Now, I can hear the furious ripostes already. There is the standard objection that insurance systems are socially divisive and favour those who can pay, leaving poorer and sicker people with an inferior service, if any service at all.
Another would be that while our system may have been slow to react, it is benevolent in that it excludes no one from treatment and leaves no one with bankrupting medical bills. Just imagine what might have been the fate of those poisoned by contaminated blood in a system that was not, like the NHS, free at the point of use.
But this brings me to the central point of my argument, because what evidence is there that those who received contaminated blood in countries with insurance-based health systems fared any worse than they did in the UK? In many countries there were a lot fewer of them, because imports of infected supplies were stopped earlier, the survivors were mostly told what had happened, and they were better off than their UK counterparts, thanks to agreed benefits or compensation payments.
Insurance systems generally get a bad name in this country, because the comparisons are most often with the US, where the system can indeed exacerbate social divisions, and where medical expenses remain one of the most common causes of bankruptcy.

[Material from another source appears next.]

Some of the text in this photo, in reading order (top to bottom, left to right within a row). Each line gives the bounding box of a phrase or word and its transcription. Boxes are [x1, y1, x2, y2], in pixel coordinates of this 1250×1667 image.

European insurance systems however are, by and large, different in that they provide a safety net for all, while tailoring premiums to income and allowing choices and gradations of provision. No one is bankrupted by medical expenses and the contributory principle fosters a degree of personal responsibility and engagement.

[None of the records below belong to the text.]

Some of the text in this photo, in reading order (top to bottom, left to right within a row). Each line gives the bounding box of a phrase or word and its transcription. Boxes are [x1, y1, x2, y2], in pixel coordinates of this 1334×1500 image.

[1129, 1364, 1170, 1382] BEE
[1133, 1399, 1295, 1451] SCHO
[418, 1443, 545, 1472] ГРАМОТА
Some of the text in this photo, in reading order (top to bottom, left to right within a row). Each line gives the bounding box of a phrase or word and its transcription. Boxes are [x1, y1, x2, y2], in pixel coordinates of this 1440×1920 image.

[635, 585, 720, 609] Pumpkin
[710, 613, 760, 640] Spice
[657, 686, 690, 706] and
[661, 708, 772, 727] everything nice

These systems also generate more money for health, as the wealthier are required to pay more and can top up provision some more. In the UK that “extra” money goes into the quite separate private health sector, not into provision for all.
The big distinction between these insurance systems and the NHS is not just the element of choice. It is the multiplicity of providers that are, to a degree, in competition and function on a commercial or charitable basis. This may help to explain why the incidence of blood infection and the greater urgency in addressing it was speedier and more efficient than it was in the UK. It quickly affected the bottom line of providers, and in specific groups, such as those who had received transfusions, in a way that it did not in the monopoly behemoth that is the NHS.

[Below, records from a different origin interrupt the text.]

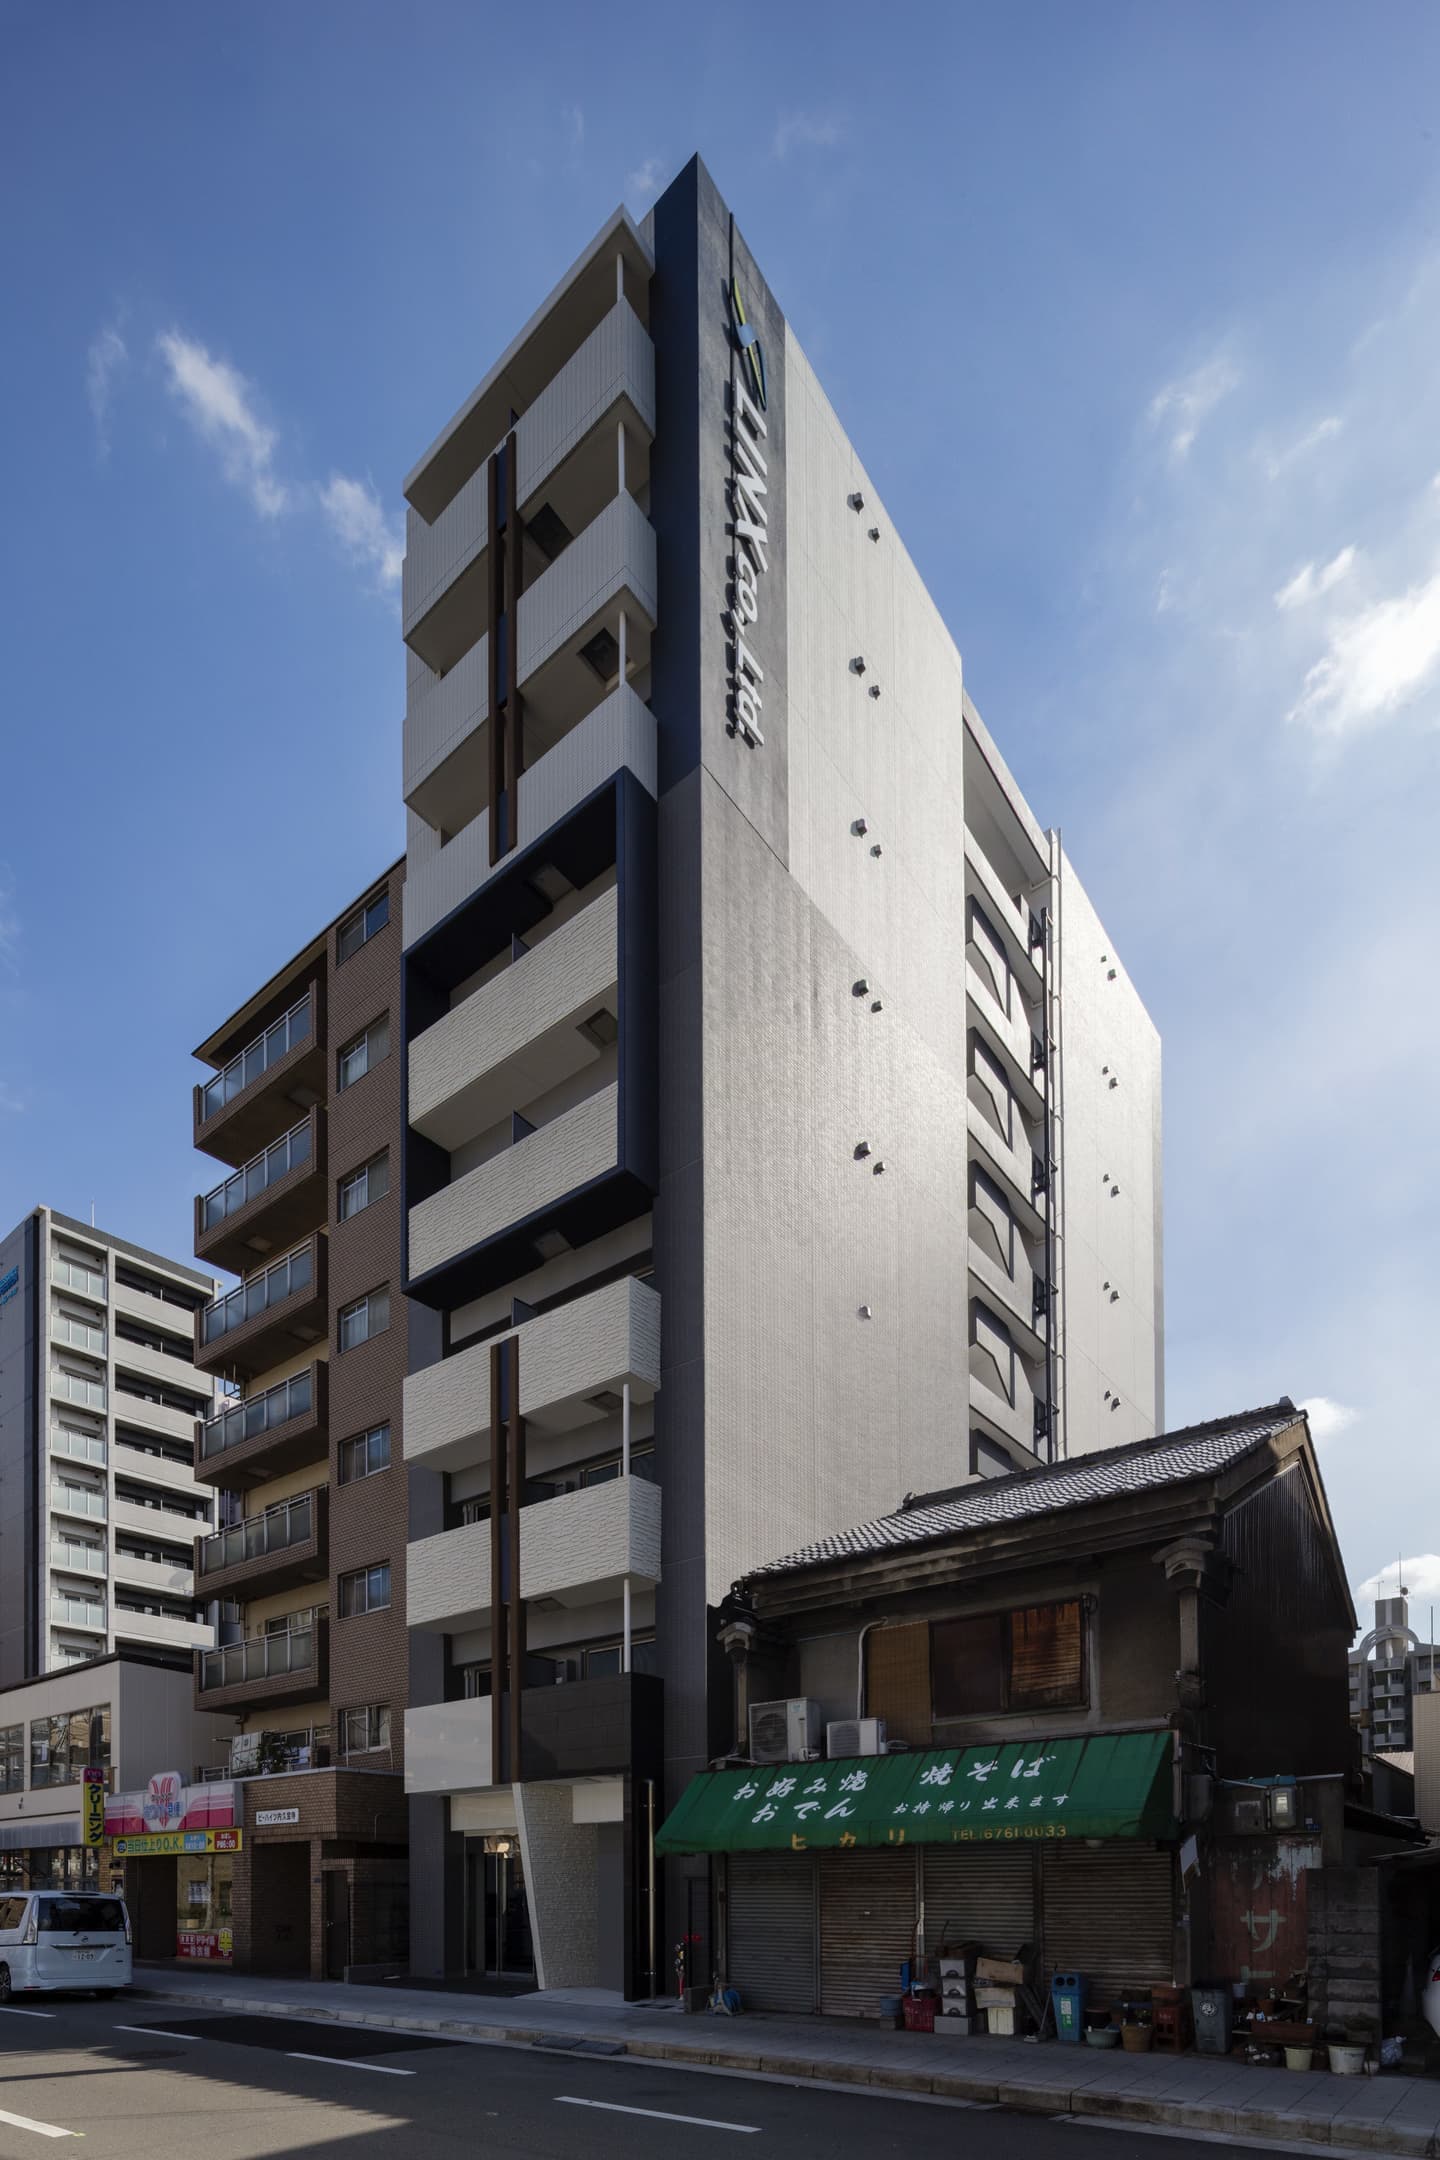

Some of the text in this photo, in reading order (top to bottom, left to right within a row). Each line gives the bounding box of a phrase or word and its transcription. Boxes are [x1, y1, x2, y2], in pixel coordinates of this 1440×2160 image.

[736, 376, 769, 575] LINX
[732, 1754, 1057, 1801] お好み焼 焼そば
[88, 1783, 102, 1843] クリーニング
[751, 1793, 1069, 1823] おでん お持帰り出来ます
[791, 1828, 906, 1851] ヒカリ

There were some British doctors who suspected a problem with plasma and steered their patients away from imported blood products. But those who exercised that discretion were few and far between. And the scale, it appears, was a reason why UK governments stalled on setting up an inquiry and arranging compensation.
The institutional distance between government and health services in those countries with insurance-based systems is another reason why they may have acted sooner. A scandal in the health service has a direct political effect on government, with reputational consequences that both are keen to avoid.
The NHS may now have a separate management structure but as the past year of strikes has shown, it is still widely perceived as an arm of government, with accountability not altogether clear and diluted again by the blurred lines between ministers and civil servants.
There is much greater clarity in insurance-based systems about who is responsible for what, whether it is a question of money or clinical standards or, indeed, the regulation of blood products. The NHS is at once a monopoly provider of care, and in some purchasing and treatment decisions a free-for-all.
With the eulogies from the Covid pandemic but a faint memory and public regard for the NHS as low as it has ever been, the infected blood scandal could offer the impetus for change that is so badly needed.
In considering what direction that change might take, a look at how European insurance-based systems dealt with their respective contaminated blood scandals and then how they coped with the Covid pandemic – mostly no worse than the UK and in some countries better – could be a worthwhile place to start.